Wellll, this is a new one…  My sweet little Tuna would never have called a stranger a name like that.  He’s more of a tell-stranger-his-life-story kind of kid, with a lot of charming smiles going on, maybe a song and dance.  This whole calling strangers mean names thing is, um, weird, wrong, and kind of funny!  Binker just turned four.  He is learning.

Now, if a four-year-old said that to me in a store, I would handle it much differently than this lady.  I would call him out, tell him that’s not nice, and that I, in fact, have a very nice head.  I would probably tell him he had a nice, regular-sized head too, laugh, and move on.  This would definitely take the embarrassment off of mom, and tell the kid in a nice way that he shouldn’t say that.  But that’s just me, I guess.  This lady seriously looked like she was going to cry!  Like really, she was going to cry.  Of course I explained that he should apologize, and, uh, say something nice to her… I really think that he psychically picked up on her deep insecurity and unconsciously aired it for her.  (To be fair, she did kind of have an extra large head…)

He felt bad, said sorry, and I think he was embarrassed.  He is four.

It ended ok, but…wtf?  A fathead?!  (Snigger, snort.)  And would a four-year-old make you cry?  I don’t get embarrassed easily, but I did today.  I also thought it was hilarious.  A little conflicting, I know…. Normally I would dive into the psychology of this and try to figure out if I have failed him somehow by not teaching him before this that he shouldn’t call strangers mean names (only friends and family of course).
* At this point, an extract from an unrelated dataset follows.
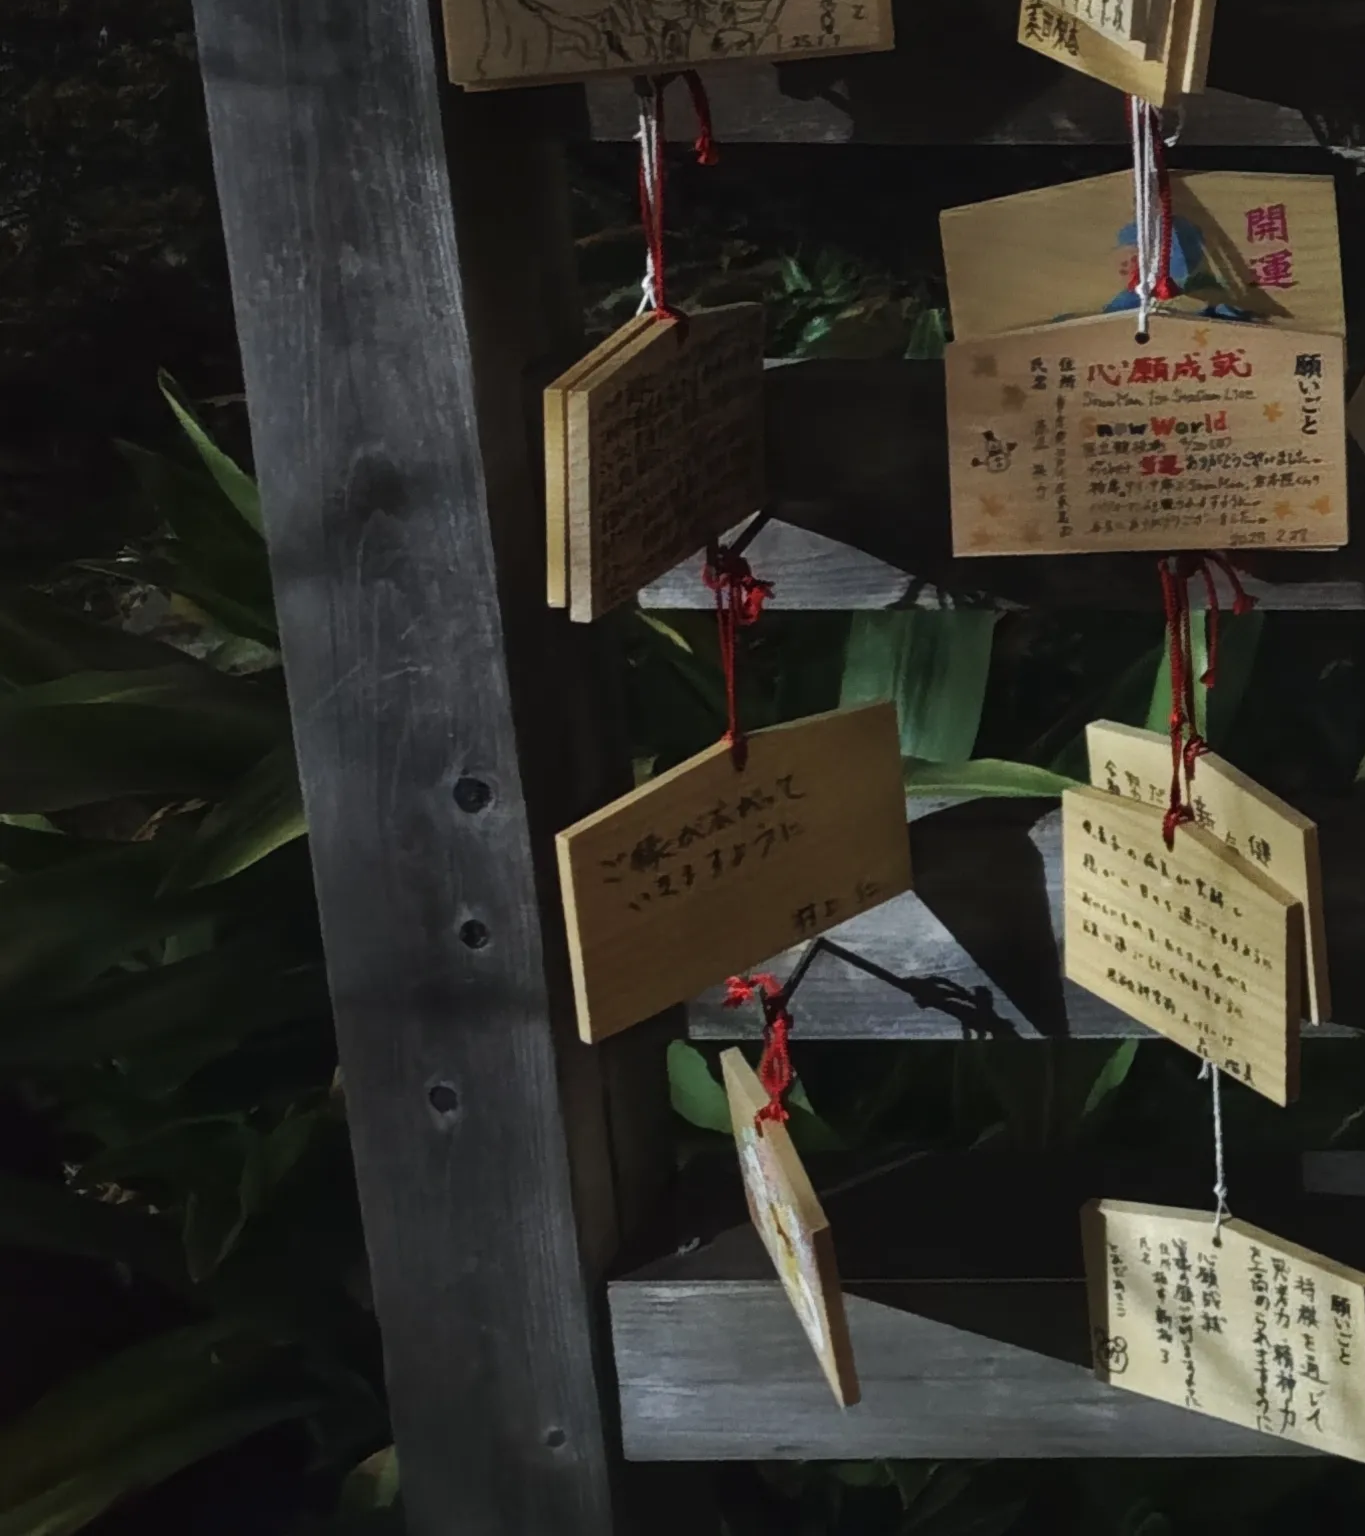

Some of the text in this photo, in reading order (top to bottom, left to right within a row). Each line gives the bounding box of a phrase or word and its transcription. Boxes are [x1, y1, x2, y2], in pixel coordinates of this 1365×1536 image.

Is there something happening to his psyche that makes him mean and cruel?  Blah blah, worry worry.  But I just didn’t this time.  I think he is just four, and learns things from his big brother and neighbors that he doesn’t understand.  It’s really that simple.  Now he knows, and some lady has faced her insecurity thanks to my psychic preschooler.  Yep.  

 

modeling honesty and also not procrastinating

2014-05-09 14.02.24Tuna (my oldest) was scheduled to get a filling at the dentist today. I was going to have to wake up the baby and drag all three monsters to this appointment, and probably have to leave Binker (the middle boy) in the waiting room alone while I took Squishy in to comfort Tuna while he tried to talk constantly (his M.O. always) with his mouth cranked open. I have been dreading this appointment since I scheduled it. So has he. I know that he knows I was dreading it because of the gloom in my voice when I warned him that I had to bring the babies, even though I assured him that it would be ok…that and he may have overheard me talking to my sister about how much I was dreading it…

So he gave me an out:

“I feel sick to my stomach and I feel hot and I also feel like my throat is goopy.”

I said it was probably nerves and gave him the “I’m on to you” mom look.
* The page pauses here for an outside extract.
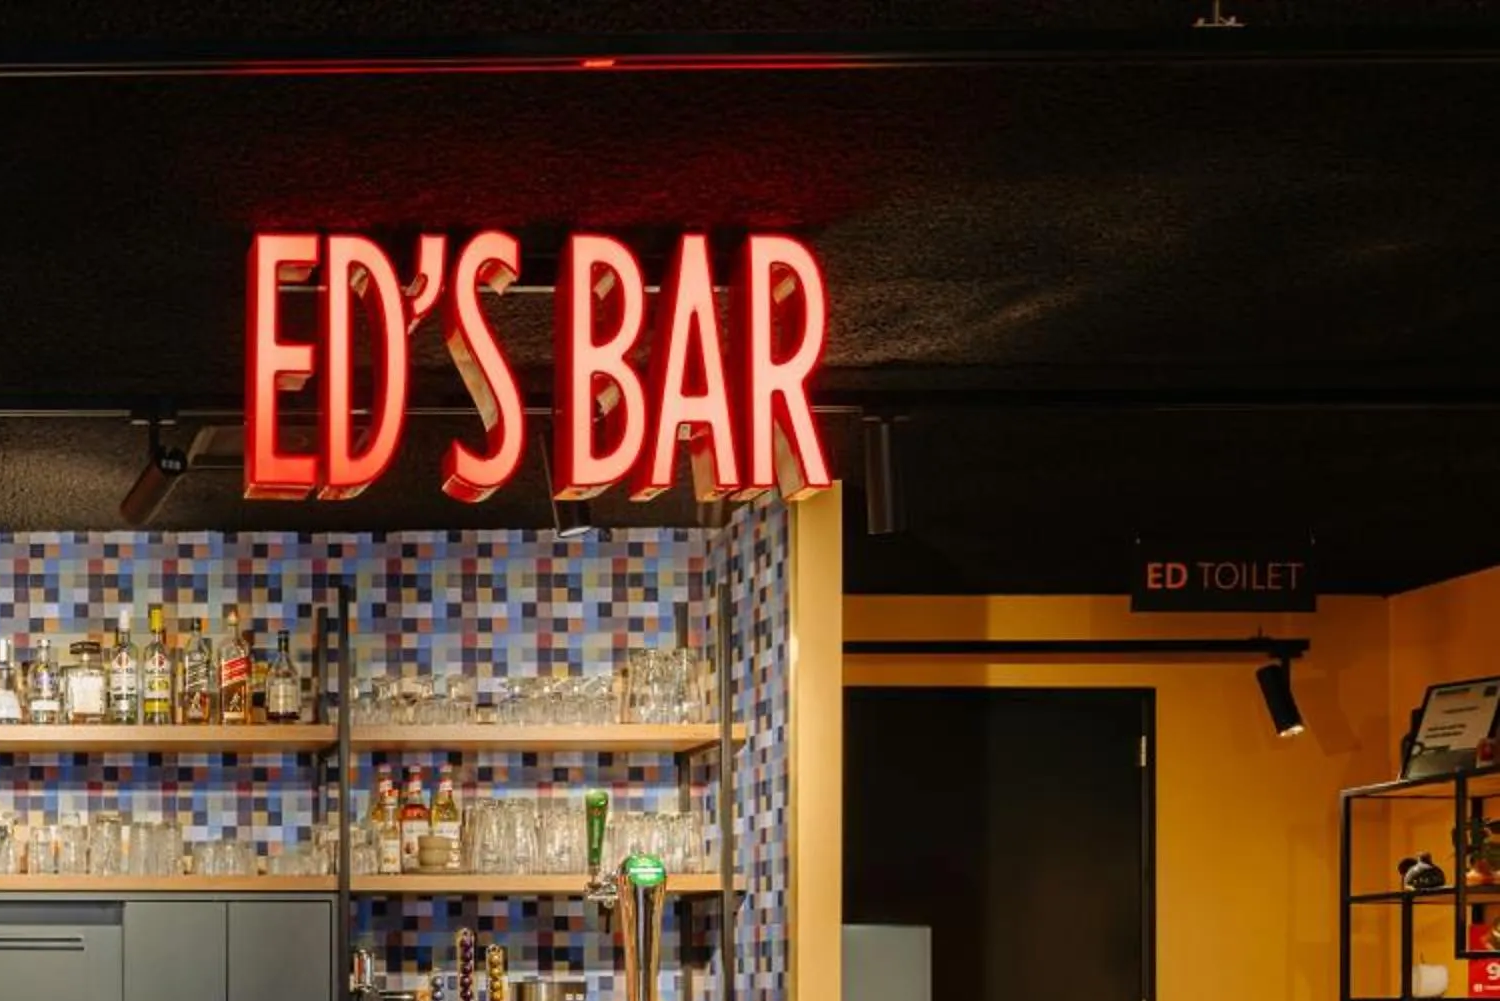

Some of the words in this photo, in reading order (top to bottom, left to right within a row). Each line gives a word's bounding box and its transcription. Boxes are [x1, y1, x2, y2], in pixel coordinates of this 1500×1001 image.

“No really, I’ve felt sick since before snack at school.”

He swears it isn’t nerves. I told him to try to poop. He humored me.

“Hm, well if you really are sick you have to rest.” (It’s raining, he has to stay inside anyway.)

“Ok, I paused LEGO Batman downstairs, can I go down and play that? That’s resting.”

*skeptical mom look* *pause, pause*

Ahem, so he knows that I know he’s faking, and he also knows that he gave me an out. Win win!
(What?! I don’t WANT to go!!!)

So I say: “Yes, I’m trusting you this time.”

And his big NOT SICK grin as he trotted downstairs was a serious foreshadowing of my future relationship with this boy…I’d better be careful how many times I actually let this “I’m trusting you this time” wink wink actually fly.

Eh, whatever. Blah blah be careful blah blah

It’s a win win anyway, for real, because I really really didn’t want to go.